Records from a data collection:
* * *
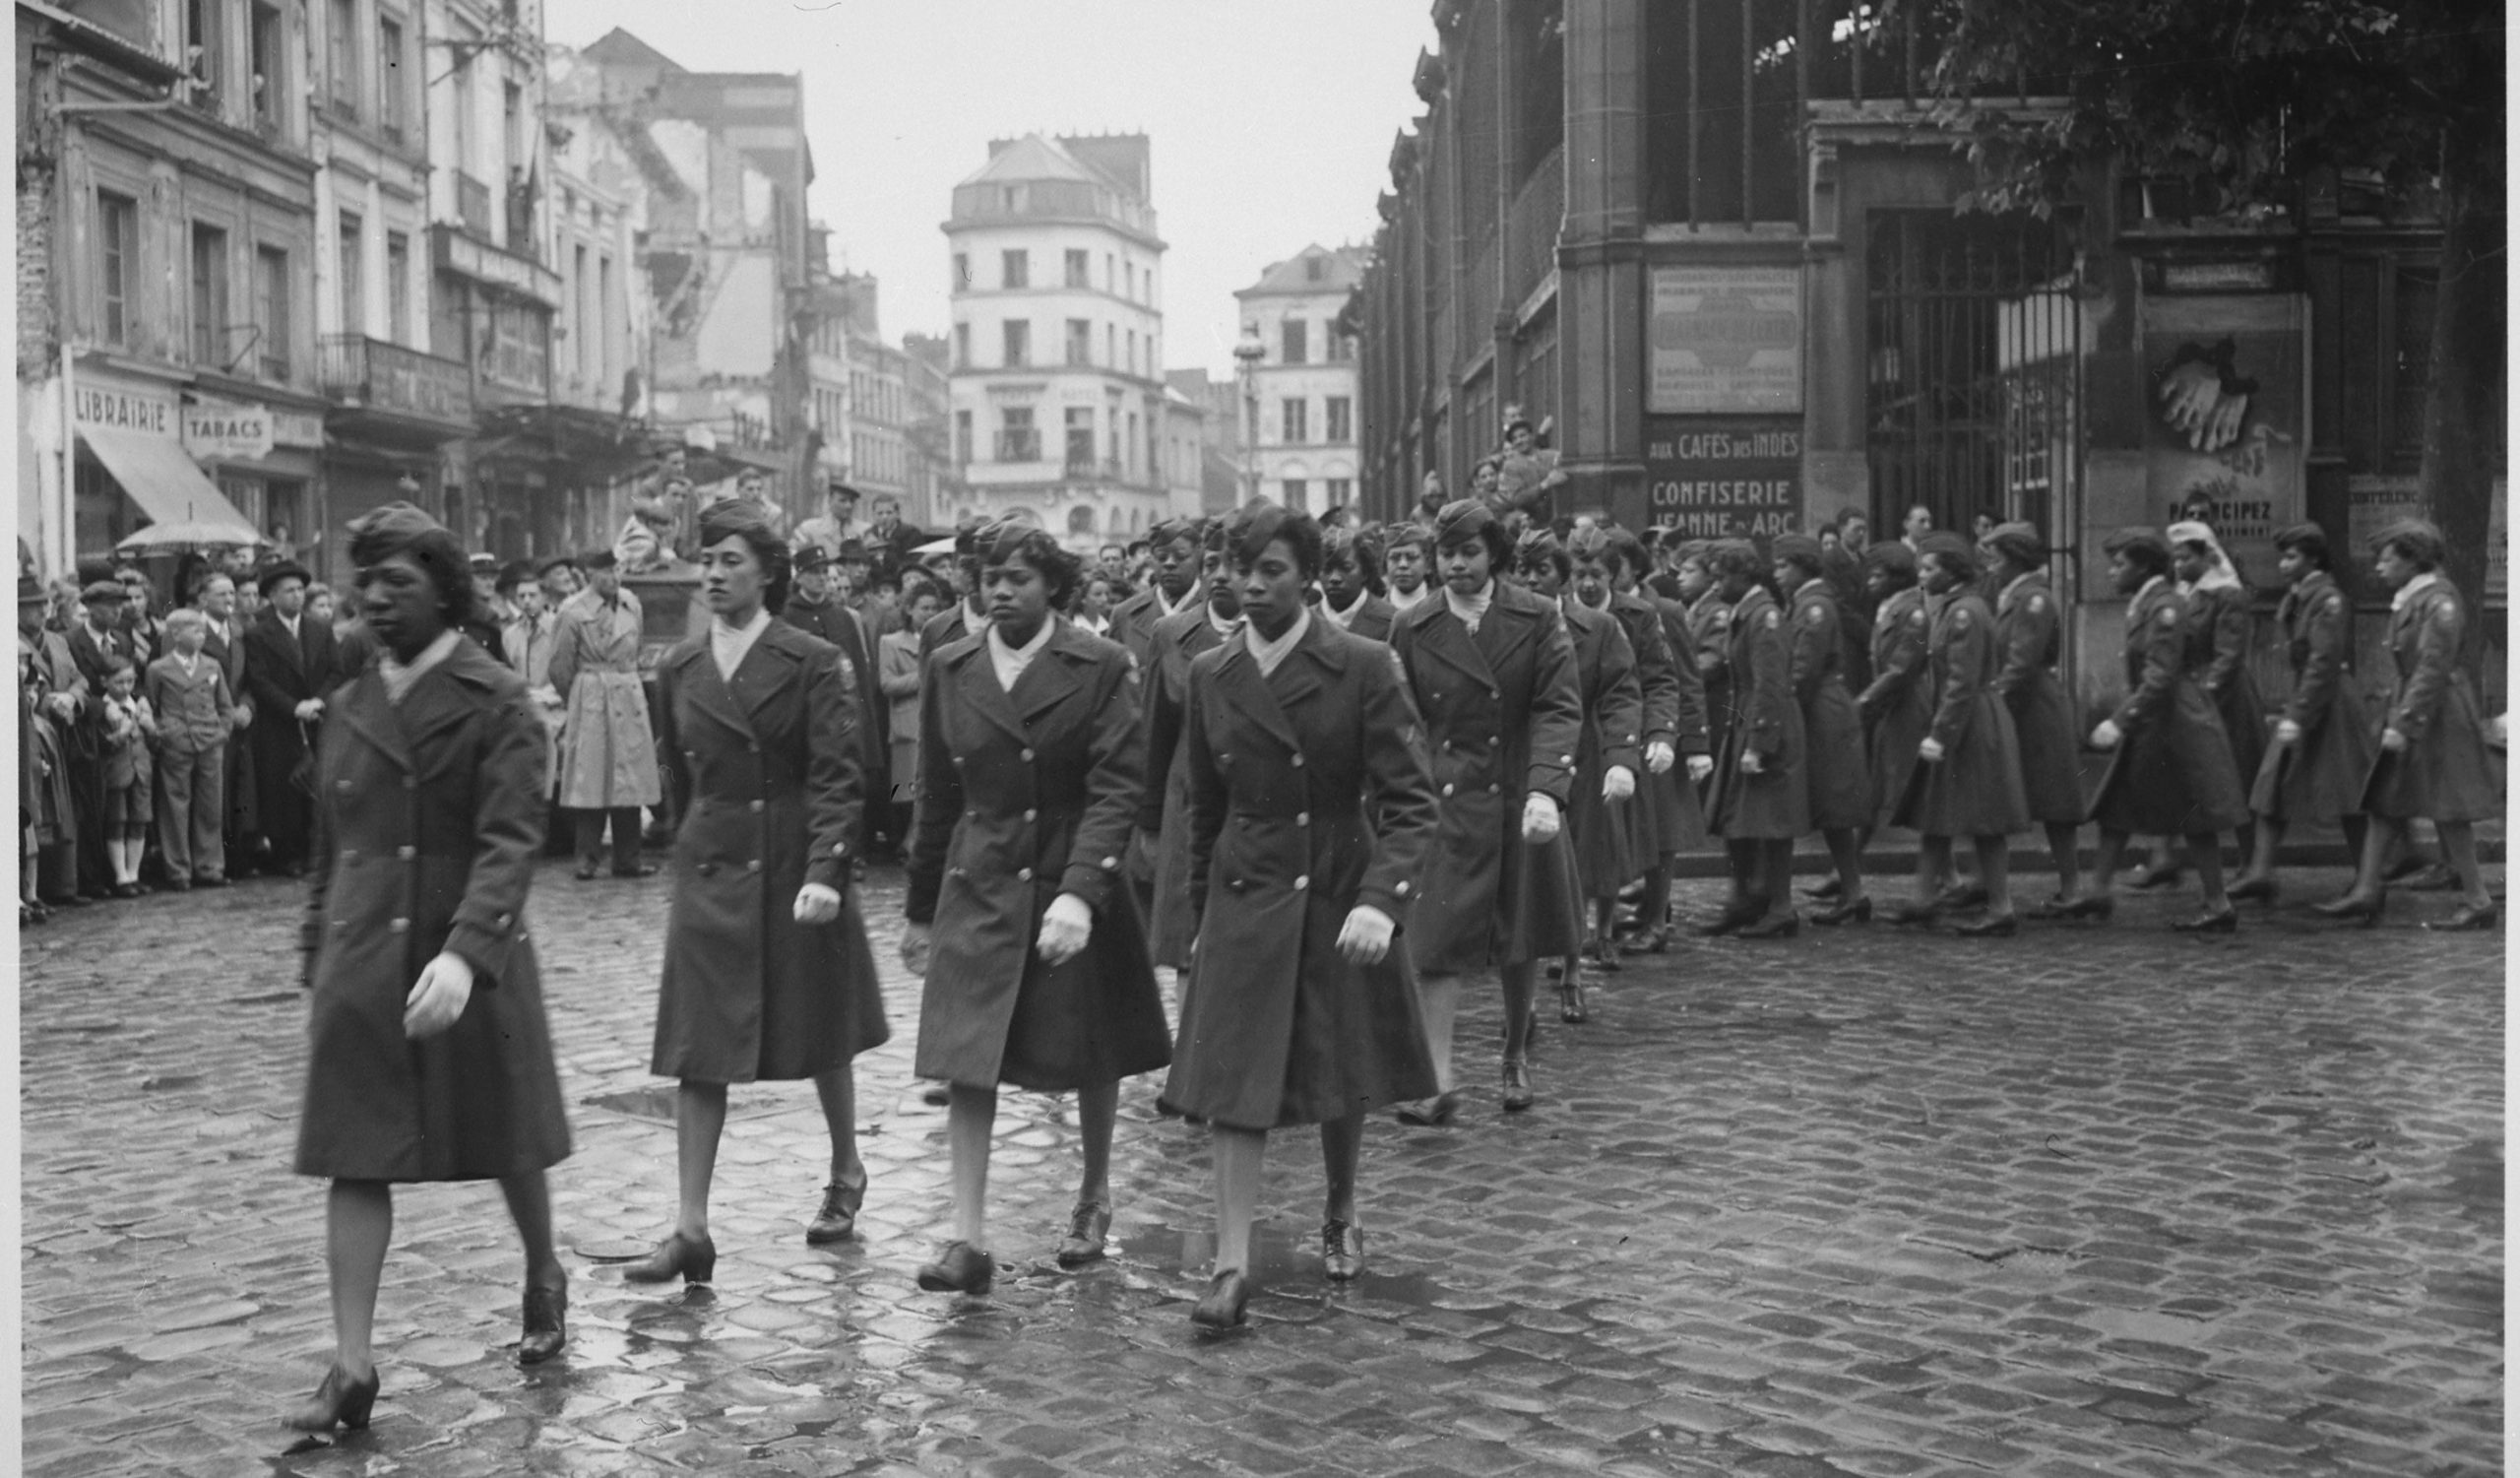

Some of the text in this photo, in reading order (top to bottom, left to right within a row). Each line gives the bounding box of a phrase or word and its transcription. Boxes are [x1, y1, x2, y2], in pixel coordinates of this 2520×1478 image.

[190, 420, 263, 438] TABACS
[1650, 442, 1673, 459] AUX
[1753, 432, 1799, 458] INDES
[1653, 481, 1791, 506] CONFISERIE
* * *
Brief> All entries, top to bottom, should be retyped exactly; the pictures should not be.

Exercise output>
Some of the text in this photo, in reading order (top to bottom, left to right within a row). Each line gives the bounding box of a phrase or word and its transcription. Boxes are [x1, y1, x2, y2], in pixel coordinates of this 2520×1478 image.

[190, 420, 263, 438] TABACS
[1650, 442, 1673, 459] AUX
[1753, 432, 1799, 458] INDES
[1653, 481, 1791, 506] CONFISERIE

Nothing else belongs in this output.